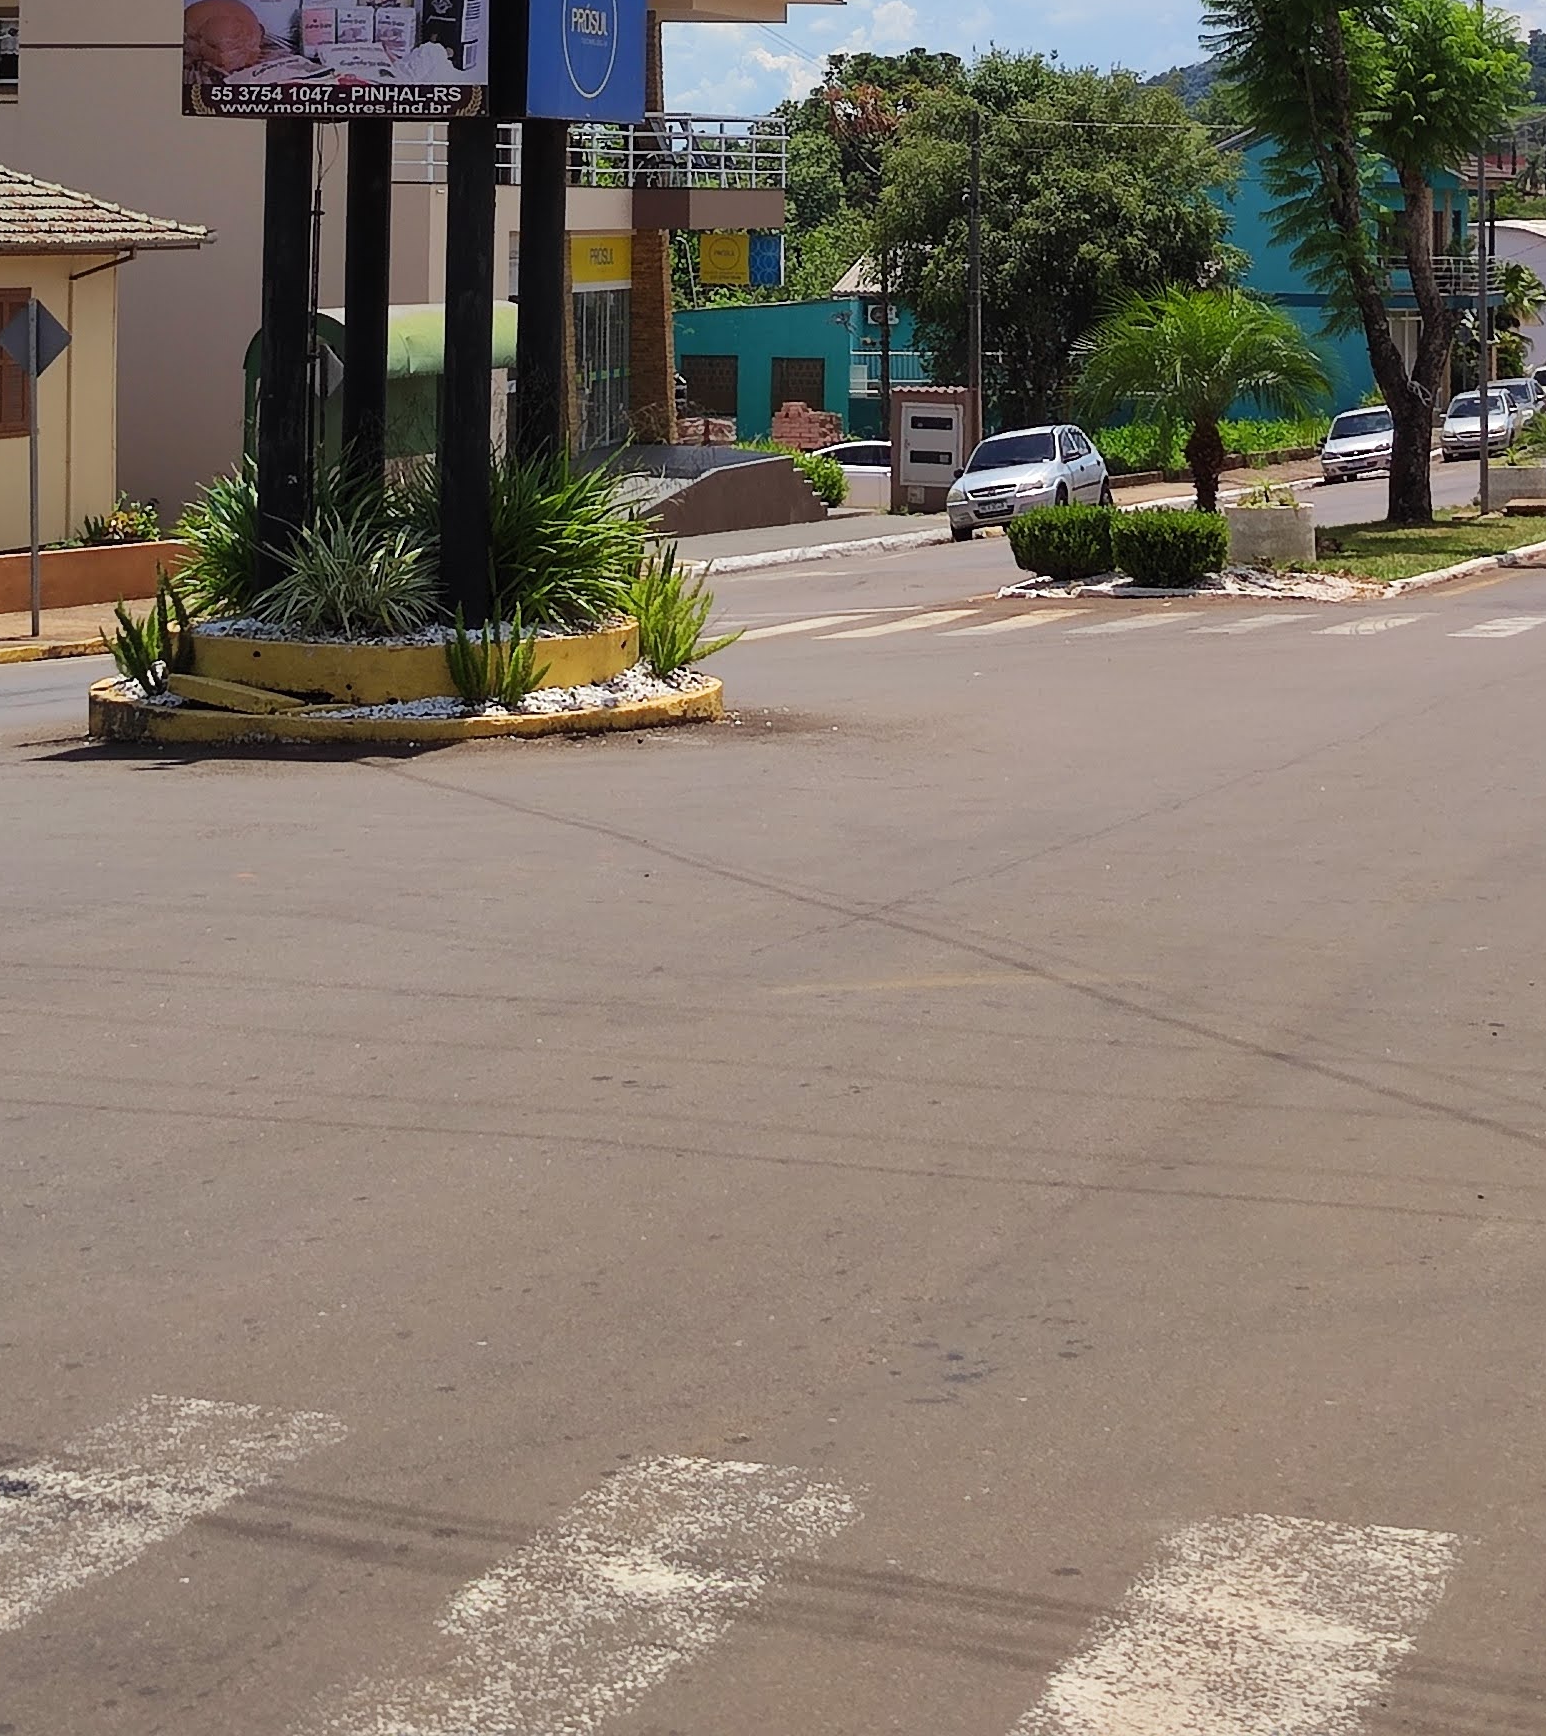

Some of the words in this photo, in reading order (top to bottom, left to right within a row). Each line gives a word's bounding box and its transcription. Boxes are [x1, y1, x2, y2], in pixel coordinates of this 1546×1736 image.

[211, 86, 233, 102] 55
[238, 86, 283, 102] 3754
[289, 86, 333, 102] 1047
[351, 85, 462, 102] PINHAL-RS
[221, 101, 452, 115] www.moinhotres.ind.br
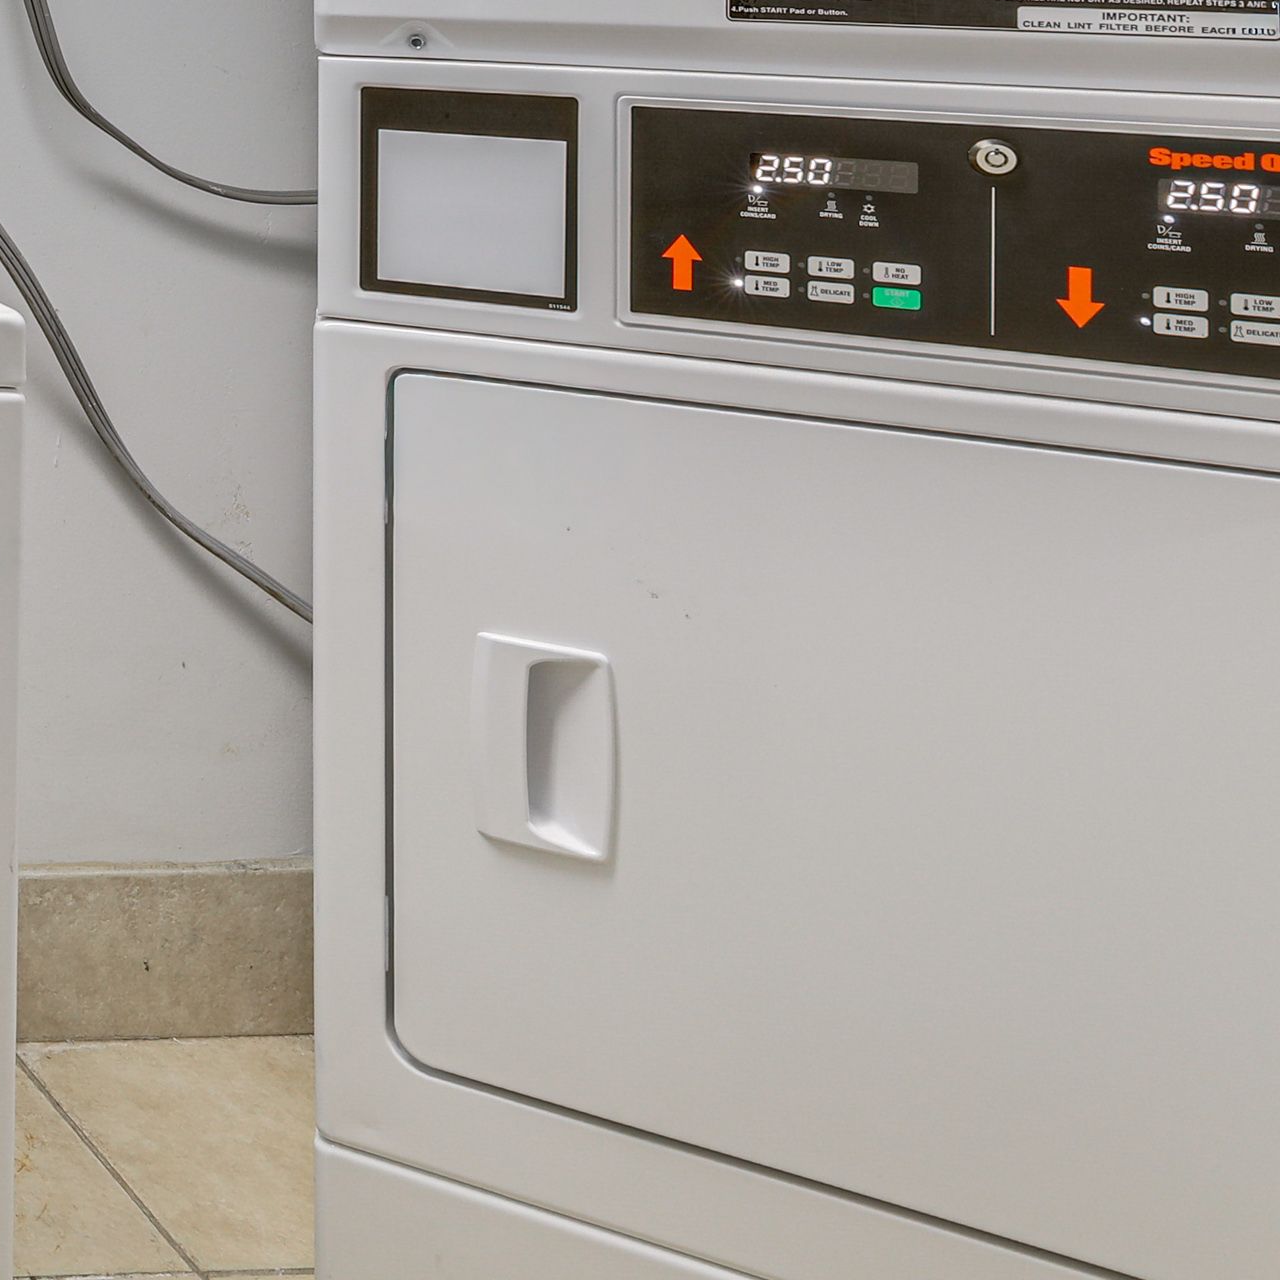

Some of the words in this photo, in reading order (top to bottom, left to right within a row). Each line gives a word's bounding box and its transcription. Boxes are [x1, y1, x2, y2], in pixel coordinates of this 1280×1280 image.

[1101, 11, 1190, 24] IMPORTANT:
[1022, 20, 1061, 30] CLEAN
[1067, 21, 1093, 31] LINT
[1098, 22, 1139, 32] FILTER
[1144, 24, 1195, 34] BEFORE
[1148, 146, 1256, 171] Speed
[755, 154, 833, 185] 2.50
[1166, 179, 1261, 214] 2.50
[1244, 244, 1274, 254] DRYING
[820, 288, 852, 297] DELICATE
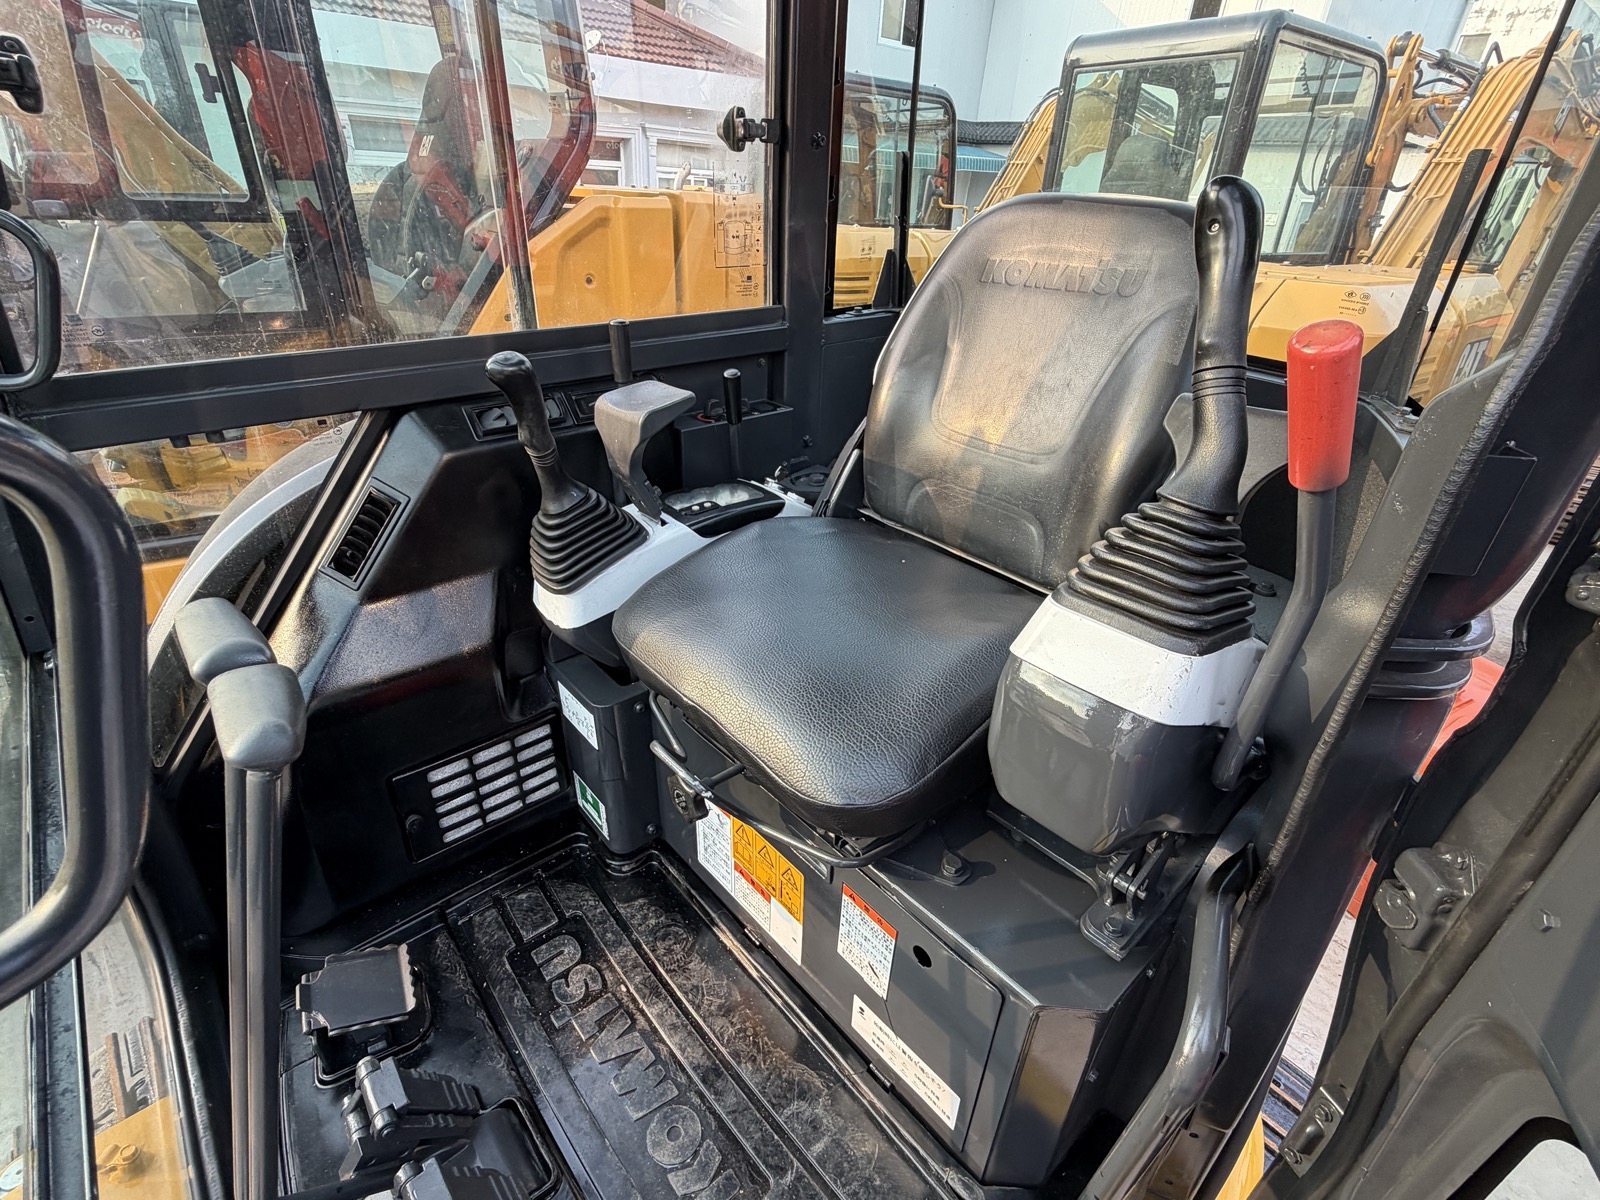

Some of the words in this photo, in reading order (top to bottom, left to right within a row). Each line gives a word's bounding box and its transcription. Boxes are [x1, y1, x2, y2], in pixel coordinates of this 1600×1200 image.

__Task requirements__:
These lines alone form the answer: the one containing "this 1280×1280 image." and every line after it through the end of the material, exactly as written, pictures left out.

__Expected answer__:
Some of the words in this photo, in reading order (top to bottom, left to right within a row). Each line gives a word's bounding box and its transcription. Boxes are [x1, y1, x2, y2], in pixel coordinates of this 1280×1280 image.

[1101, 11, 1190, 24] IMPORTANT:
[1022, 20, 1061, 30] CLEAN
[1067, 21, 1093, 31] LINT
[1098, 22, 1139, 32] FILTER
[1144, 24, 1195, 34] BEFORE
[1148, 146, 1256, 171] Speed
[755, 154, 833, 185] 2.50
[1166, 179, 1261, 214] 2.50
[1244, 244, 1274, 254] DRYING
[820, 288, 852, 297] DELICATE

Some of the words in this photo, in reading order (top to bottom, left to right within a row). Each line gives a word's bounding box and its transcription. Boxes are [x1, y1, x2, y2], in pixel coordinates of this 1600×1200 image.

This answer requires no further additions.